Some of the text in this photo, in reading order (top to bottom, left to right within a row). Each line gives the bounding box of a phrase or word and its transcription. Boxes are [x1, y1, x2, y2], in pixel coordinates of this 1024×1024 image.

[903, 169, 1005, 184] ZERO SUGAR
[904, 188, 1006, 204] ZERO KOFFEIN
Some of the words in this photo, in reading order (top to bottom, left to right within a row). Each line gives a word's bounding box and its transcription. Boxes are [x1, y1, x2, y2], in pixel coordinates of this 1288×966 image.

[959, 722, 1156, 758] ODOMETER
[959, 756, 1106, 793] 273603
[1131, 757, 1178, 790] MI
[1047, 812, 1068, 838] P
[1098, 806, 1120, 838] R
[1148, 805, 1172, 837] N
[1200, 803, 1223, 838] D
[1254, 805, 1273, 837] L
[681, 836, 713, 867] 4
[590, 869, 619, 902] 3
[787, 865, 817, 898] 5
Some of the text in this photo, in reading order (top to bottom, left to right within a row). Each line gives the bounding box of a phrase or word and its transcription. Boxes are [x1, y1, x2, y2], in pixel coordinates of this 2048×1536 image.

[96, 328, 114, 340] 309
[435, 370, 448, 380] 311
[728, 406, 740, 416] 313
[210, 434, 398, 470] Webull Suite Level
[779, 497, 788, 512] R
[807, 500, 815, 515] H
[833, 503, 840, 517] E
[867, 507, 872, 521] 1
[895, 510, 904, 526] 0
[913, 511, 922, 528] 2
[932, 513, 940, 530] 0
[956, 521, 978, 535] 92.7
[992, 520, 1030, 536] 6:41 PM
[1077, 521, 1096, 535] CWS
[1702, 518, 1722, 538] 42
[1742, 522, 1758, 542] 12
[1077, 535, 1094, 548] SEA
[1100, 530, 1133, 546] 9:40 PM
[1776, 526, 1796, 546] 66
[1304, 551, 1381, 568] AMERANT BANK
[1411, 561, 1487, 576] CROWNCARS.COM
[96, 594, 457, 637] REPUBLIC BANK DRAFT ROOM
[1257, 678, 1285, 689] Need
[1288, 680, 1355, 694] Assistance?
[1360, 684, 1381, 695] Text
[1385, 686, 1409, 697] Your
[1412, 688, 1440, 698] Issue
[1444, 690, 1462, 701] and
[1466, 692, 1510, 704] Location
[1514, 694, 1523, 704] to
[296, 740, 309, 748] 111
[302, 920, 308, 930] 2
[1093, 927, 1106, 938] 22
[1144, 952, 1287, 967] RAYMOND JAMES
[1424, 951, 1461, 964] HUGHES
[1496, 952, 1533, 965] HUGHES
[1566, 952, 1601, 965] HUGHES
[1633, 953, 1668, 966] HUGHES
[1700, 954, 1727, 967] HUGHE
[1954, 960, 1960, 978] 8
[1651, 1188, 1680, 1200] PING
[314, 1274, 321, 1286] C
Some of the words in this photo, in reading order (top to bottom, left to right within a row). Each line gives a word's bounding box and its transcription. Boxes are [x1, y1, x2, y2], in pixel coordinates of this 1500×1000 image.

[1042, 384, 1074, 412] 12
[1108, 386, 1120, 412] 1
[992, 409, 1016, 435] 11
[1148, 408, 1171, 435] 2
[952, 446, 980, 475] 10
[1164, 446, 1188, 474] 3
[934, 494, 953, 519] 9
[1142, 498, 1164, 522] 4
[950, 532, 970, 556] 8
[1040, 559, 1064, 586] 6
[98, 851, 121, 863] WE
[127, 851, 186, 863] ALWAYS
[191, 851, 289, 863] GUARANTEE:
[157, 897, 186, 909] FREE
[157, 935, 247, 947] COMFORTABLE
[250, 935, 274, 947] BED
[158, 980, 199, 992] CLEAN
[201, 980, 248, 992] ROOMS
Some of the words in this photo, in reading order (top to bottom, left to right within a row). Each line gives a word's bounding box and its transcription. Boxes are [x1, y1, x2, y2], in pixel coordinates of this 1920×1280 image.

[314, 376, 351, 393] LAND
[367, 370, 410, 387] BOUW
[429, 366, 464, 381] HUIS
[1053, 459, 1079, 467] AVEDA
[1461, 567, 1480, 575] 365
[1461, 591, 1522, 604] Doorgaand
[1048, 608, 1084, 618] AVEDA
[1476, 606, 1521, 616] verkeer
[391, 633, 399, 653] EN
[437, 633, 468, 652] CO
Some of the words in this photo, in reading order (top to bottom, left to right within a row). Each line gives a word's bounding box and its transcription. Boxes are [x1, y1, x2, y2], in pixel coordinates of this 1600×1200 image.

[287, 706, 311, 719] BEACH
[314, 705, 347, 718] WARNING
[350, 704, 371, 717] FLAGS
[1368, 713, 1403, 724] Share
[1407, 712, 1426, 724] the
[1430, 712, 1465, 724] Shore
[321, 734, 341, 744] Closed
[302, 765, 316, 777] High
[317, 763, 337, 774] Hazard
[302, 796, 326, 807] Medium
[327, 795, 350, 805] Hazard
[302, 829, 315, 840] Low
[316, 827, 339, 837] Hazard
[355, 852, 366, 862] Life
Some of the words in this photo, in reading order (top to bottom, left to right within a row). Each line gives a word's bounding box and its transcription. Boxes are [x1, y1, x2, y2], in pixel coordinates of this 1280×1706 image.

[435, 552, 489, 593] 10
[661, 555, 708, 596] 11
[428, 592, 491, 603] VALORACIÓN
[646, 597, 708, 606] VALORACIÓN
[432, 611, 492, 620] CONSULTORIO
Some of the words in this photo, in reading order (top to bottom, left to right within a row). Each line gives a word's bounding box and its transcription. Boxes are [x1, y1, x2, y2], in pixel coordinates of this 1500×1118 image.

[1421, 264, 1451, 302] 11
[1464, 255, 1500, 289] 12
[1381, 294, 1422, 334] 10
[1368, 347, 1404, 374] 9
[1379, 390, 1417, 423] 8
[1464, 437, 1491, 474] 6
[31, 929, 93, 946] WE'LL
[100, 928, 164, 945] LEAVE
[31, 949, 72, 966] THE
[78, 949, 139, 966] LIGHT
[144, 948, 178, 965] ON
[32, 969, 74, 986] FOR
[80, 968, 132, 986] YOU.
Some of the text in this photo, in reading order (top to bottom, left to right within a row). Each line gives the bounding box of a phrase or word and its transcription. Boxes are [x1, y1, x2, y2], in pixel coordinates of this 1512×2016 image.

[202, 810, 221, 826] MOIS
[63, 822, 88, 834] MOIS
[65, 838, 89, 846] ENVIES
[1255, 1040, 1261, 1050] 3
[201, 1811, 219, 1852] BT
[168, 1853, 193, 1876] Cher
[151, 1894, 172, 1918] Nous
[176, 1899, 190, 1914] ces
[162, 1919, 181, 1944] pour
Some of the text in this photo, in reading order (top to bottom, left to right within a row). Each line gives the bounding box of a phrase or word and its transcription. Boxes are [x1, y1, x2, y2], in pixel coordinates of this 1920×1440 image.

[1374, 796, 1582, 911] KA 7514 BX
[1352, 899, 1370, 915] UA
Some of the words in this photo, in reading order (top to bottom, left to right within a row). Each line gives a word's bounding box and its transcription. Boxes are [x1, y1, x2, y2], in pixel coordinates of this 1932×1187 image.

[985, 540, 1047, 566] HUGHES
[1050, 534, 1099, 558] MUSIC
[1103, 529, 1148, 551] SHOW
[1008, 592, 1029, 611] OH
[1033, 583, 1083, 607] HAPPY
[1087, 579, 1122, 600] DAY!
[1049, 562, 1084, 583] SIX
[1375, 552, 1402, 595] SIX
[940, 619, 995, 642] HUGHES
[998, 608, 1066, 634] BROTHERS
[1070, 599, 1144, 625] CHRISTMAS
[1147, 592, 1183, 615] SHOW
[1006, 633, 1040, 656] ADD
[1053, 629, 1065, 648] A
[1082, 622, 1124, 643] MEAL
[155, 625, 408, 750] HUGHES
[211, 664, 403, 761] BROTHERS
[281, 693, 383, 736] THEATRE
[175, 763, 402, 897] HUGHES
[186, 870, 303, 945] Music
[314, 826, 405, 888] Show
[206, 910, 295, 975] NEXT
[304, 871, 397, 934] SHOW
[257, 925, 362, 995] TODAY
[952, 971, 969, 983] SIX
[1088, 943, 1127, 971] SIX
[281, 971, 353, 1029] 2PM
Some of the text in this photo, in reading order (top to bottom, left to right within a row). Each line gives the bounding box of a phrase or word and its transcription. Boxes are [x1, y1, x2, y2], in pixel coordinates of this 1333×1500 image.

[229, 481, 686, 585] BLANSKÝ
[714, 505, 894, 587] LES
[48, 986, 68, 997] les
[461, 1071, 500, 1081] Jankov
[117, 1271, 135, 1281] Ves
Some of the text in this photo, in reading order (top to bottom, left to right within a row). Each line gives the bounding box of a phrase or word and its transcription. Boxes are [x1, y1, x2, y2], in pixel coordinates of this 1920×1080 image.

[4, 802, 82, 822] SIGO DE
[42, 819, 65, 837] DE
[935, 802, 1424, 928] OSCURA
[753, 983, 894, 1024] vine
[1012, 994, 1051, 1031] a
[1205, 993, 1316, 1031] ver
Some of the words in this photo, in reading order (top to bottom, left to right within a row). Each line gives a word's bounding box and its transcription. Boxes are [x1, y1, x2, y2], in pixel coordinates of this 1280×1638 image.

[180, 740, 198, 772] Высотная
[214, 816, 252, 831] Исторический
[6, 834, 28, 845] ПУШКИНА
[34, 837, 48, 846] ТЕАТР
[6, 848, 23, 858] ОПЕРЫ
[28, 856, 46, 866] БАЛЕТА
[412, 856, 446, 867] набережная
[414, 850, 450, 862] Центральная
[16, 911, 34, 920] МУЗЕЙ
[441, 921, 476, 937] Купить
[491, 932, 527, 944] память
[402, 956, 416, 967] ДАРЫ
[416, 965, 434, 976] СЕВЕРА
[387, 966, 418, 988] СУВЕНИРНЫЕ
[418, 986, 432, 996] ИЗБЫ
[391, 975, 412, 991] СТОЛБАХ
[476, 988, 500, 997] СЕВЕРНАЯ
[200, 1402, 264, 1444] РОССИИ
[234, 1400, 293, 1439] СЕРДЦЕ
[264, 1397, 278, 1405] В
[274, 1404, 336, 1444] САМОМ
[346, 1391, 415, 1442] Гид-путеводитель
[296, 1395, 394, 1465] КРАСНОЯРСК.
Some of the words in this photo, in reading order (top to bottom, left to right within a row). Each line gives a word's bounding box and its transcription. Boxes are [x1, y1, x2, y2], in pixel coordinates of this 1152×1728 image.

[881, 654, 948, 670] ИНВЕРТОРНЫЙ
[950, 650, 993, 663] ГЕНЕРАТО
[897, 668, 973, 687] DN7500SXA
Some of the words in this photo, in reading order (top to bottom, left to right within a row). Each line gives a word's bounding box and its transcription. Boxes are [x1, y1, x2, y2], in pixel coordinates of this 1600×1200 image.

──────────────────────────────

= Task instructions =
Starting from the line that contains "this 1152×1728 image.", reproduce each line of the data exactly through the last one.

= Output below =
Some of the words in this photo, in reading order (top to bottom, left to right within a row). Each line gives a word's bounding box and its transcription. Boxes are [x1, y1, x2, y2], in pixel coordinates of this 1152×1728 image.

[881, 654, 948, 670] ИНВЕРТОРНЫЙ
[950, 650, 993, 663] ГЕНЕРАТО
[897, 668, 973, 687] DN7500SXA
Some of the words in this photo, in reading order (top to bottom, left to right within a row). Each line gives a word's bounding box and its transcription. Boxes are [x1, y1, x2, y2], in pixel coordinates of this 1600×1200 image.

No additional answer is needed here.